Kafka Connect Best Practices – Advice from the Field

by Randall Hauch, Engineer, Confluent
video, slide
This talk will review the Kafka Connect Framework and discuss building data pipelines using the library of available Connectors. We’ll deploy several data integration pipelines and demonstrate :

best practices for configuring, managing, and tuning the connectors
tools to monitor data flow through the pipeline
using Kafka Streams applications to transform or enhance the data in flight.

以下内容来自谷歌翻译：
这个讨论将回顾Kafka连接框架，并讨论使用可用连接器库构建数据管道。我们将部署多个数据集成管道并展示：

配置，管理和调整连接器的最佳做法
通过管道监视数据流的工具
使用Kafka流应用程序来转换或增强飞行中的数据。

One Data Center is Not Enough: Scaling Apache Kafka Across Multiple Data Centers

by Gwen Shapira, Product Manager, Confluent
video, slide
You have made the transition from single machines and one-off solutions to distributed infrastructure in your data center powered by Apache Kafka.

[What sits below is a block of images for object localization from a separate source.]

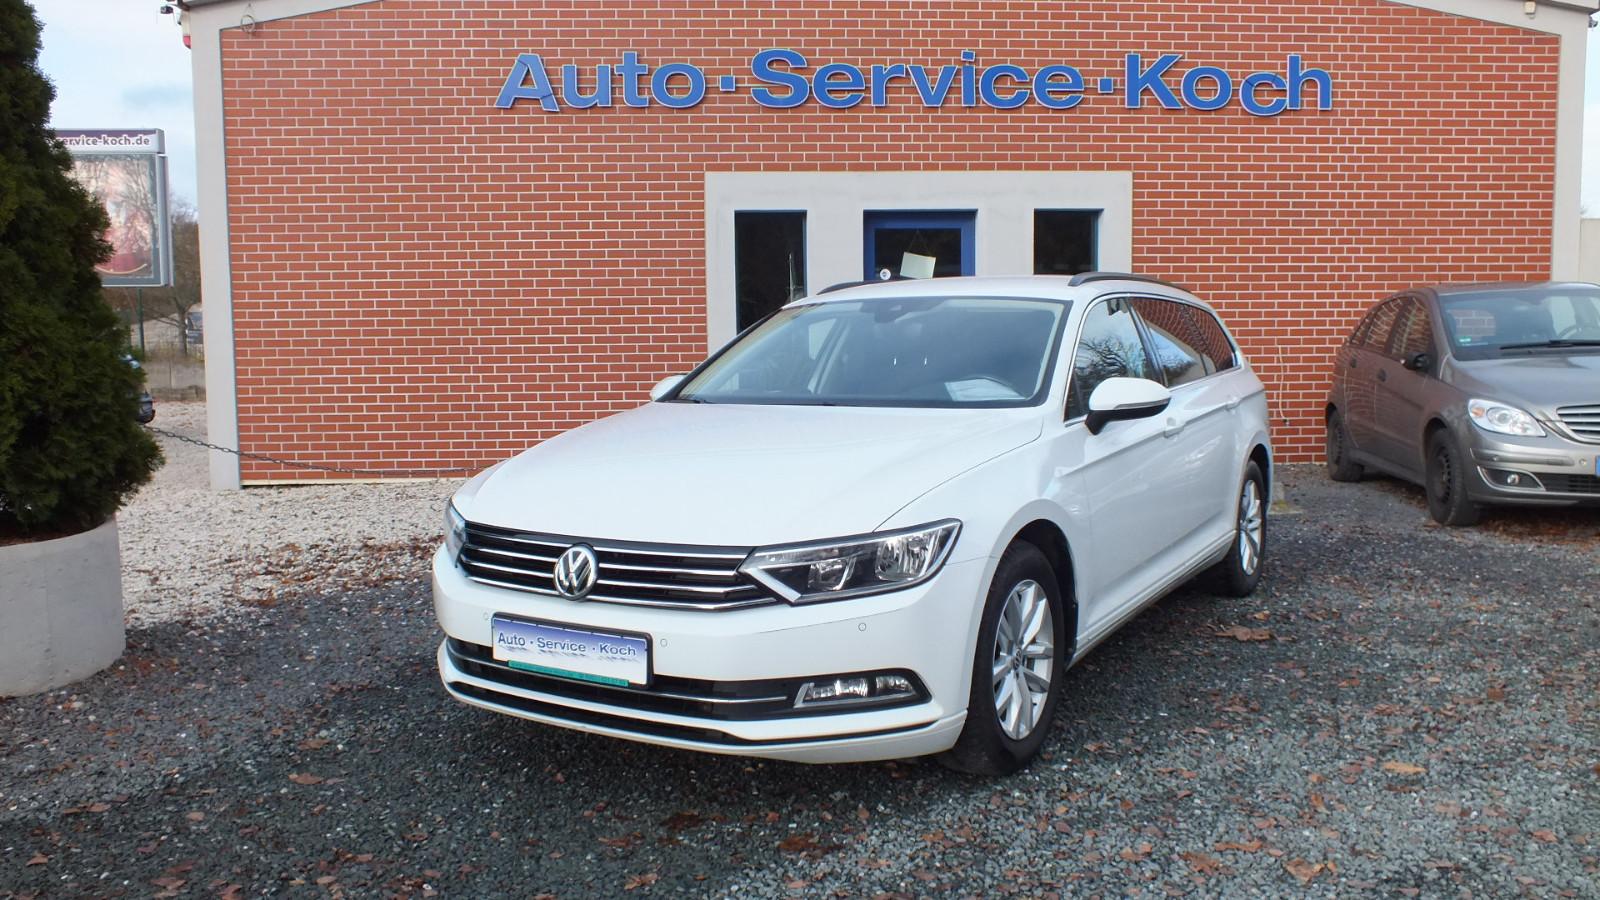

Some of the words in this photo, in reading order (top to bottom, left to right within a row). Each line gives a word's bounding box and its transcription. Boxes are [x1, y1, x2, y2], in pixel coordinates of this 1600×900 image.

[494, 51, 706, 112] Auto
[750, 48, 1085, 109] Service
[1124, 52, 1333, 117] Koch
[498, 632, 526, 647] Auto
[536, 637, 586, 652] Service
[599, 642, 636, 656] Koch

But what if one data center is not enough? In this session, we review resilient data pipelines with Apache Kafka that span multiple data centers. We provide an overview of best practices and common patterns including key areas such as architecture and data replication as well as disaster scenarios and failure handling.

以下内容来自谷歌翻译：
您已经通过Apache Kafka，将数据中心从单机和一次性解决方案过渡到数据中心的分布式基础设施。但是如果一个数据中心还不够？在本次会议中，我们将审查跨越多个数据中心的Apache Kafka的弹性数据流水线。我们提供最佳实践和常见模式的概述，包括架构和数据复制以及灾难情景和故障处理等关键领域。